→ EXERCISE DATA:
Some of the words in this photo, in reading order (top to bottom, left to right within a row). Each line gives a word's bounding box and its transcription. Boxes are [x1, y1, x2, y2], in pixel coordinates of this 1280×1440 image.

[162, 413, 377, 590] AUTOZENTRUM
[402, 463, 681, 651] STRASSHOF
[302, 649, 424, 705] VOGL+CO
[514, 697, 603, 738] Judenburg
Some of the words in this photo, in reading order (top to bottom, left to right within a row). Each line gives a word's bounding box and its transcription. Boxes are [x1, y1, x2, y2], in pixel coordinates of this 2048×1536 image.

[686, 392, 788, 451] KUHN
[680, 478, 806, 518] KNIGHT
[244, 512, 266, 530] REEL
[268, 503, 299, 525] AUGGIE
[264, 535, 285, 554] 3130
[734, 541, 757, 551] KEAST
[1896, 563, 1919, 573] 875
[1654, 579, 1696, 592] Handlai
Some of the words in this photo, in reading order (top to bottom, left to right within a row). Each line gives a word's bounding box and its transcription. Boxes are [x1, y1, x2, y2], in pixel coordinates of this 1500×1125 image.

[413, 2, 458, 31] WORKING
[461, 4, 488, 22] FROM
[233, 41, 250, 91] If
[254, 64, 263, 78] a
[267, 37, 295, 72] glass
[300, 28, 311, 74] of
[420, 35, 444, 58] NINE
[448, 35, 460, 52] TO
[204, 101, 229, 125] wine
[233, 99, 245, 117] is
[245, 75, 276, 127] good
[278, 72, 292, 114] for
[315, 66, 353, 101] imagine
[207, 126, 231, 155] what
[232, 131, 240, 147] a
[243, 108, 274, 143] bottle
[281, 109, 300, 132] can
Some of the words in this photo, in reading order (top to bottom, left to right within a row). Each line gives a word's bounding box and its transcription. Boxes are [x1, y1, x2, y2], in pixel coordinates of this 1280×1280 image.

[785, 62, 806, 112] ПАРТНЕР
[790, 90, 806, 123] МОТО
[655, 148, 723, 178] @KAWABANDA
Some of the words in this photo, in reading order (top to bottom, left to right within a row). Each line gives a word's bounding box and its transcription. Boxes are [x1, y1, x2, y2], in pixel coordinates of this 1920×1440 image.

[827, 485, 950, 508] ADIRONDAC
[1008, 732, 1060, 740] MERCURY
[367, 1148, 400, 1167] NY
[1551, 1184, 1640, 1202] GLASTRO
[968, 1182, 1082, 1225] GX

→ PROBLEM DETAILS:
Start at the line containing "this 1920×1440 image." and transcribe through the end of the entries. Please keep both ends and add nothing.

→ RESULT OF THIS EXERCISE:
Some of the words in this photo, in reading order (top to bottom, left to right within a row). Each line gives a word's bounding box and its transcription. Boxes are [x1, y1, x2, y2], in pixel coordinates of this 1920×1440 image.

[827, 485, 950, 508] ADIRONDAC
[1008, 732, 1060, 740] MERCURY
[367, 1148, 400, 1167] NY
[1551, 1184, 1640, 1202] GLASTRO
[968, 1182, 1082, 1225] GX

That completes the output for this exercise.